So I was at DEF CON last week (world's largest and most fun hacker cons, I highly recommend going), and I saw many wonderful and fun things there. One of those was what is called the S.O.D.A Machine, which is basically a soda machine that outputs credentials to a virtual machine rather than an actual soda. Naturally, I had to try it.
I heard about it from a tweet shortly before the con and thought it would be fun to try. It was the 2nd thing I was most excited for (the first being getting an LED installed in my hand) and made sure my friends knew that we were going to be doing this.
So we went to the chillout area on Thursday only to find out the machine was out of order. The next day we went and again found it out of order. However it started working later that day, so I sacrificed a dollar to receive the legendary VM credentials. Score.
Top of the receipt, it was kind of long, it said TL;DR: DFIU after all the legal parts. |
At this point I had no idea what to do with it. I didn't think that far ahead. So I fired up my little disposable 2010s netbook running Manjaro on a spinning rust drive and SSHed in just to see that it worked, and it did. A minimal Debian environment running as root.
The next day on Saturday, one of my other friends was curious about DEF CON and stole borrowed the badge of the one that was with me the prior day (it's ok, she slept the first half of the day and did not miss the badge). We wanted to do some actual hacking, so we got the idea to run a Minecraft server on it.

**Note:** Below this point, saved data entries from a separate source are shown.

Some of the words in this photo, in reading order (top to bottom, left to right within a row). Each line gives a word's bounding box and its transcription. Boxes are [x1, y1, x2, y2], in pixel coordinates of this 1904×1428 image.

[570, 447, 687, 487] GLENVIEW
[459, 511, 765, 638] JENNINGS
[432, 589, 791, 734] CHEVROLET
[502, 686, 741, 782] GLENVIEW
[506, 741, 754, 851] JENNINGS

That's all well and good, but not if no one knows about it. So we thought about how to advertise the server without being so obvious, and somehow we arrived at the possibility of returning a custom message in the ICMP reply when someone pings it so that they could have instructions for how to connect. Then we could just spread little strips of paper (ripped out of my tiny yellow legal pad) that said something like "Ping me: 172.31.65.46" and log each ping to see if it's actually working. Bonus points for logging IPs on the Minecraft server to see how many of those pings lead to our advertisement scheme working. Minecraft for real hackers 😎
With the plan laid out, my friend took the netbook and started to try to set up the Minecraft server while I tried to do some badge hacking on the DEFCON Furs badge (that was infinitely cooler than the plastic square that was the standard DEF CON badge). We spent maybe around an hour on the con floor doing this before it was time to go do something else. The MC server installation ran into too many dependency errors and didn't get finished. I decided to stay down on the con floor while my friends went to go shopping (I think).

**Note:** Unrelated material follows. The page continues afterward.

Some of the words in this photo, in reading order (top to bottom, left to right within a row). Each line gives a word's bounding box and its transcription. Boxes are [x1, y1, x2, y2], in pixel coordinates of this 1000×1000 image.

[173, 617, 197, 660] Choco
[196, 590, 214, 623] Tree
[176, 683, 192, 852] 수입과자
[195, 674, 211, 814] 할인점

I would spend the rest of the con thinking about this project and I even took some Wireshark traces and did a bit of research on the ICMP protocol. I also tried to see how one would even go about returning custom messages (and hoping there was a simple program I could just run to do this, but I couldn't find one (not that I really looked)). I found out that you could disable the ping response which was part of the OS itself. You could then basically do a packet capture to see when you received an ICMP echo request packet and craft your own ICMP echo reply packet as a response. I didn't get as far as actually implementing it, but at least I had a vague high-level idea of what to do.
This is the magic sauce to turn off the OS's ping replies |
Not to be deterred, I still really wanted to do it, since it would definitely be a learning experience. So I spent a few hours for the next few days after the con to chisel away at this project. At this point I didn't have my trusty S.O.D.A. virtual machine, so I just used one of my cloud servers as the dev environment for this, SSHing in and writing all the code through Vim with tmux, as I would've on the S.O.D.A.
I found out that you could write a packet sniffer in python using only the standard libraries (that's how I roll), so I wrote a test program to just output the ICMP requests so that I could match them up with the Wireshark traces and try to decode them. I wrote an IP packet header decoder class (as per the RFC) to detect when there was an ICMP packet (which apparently is all you get with socket.socket(socket.AF_INET, socket.SOCK_RAW, socket.IPPROTO_ICMP)). Then I wrote an ICMP decoder class (also as per the RFC) specifically for detecting when that ICMP packet was an echo request.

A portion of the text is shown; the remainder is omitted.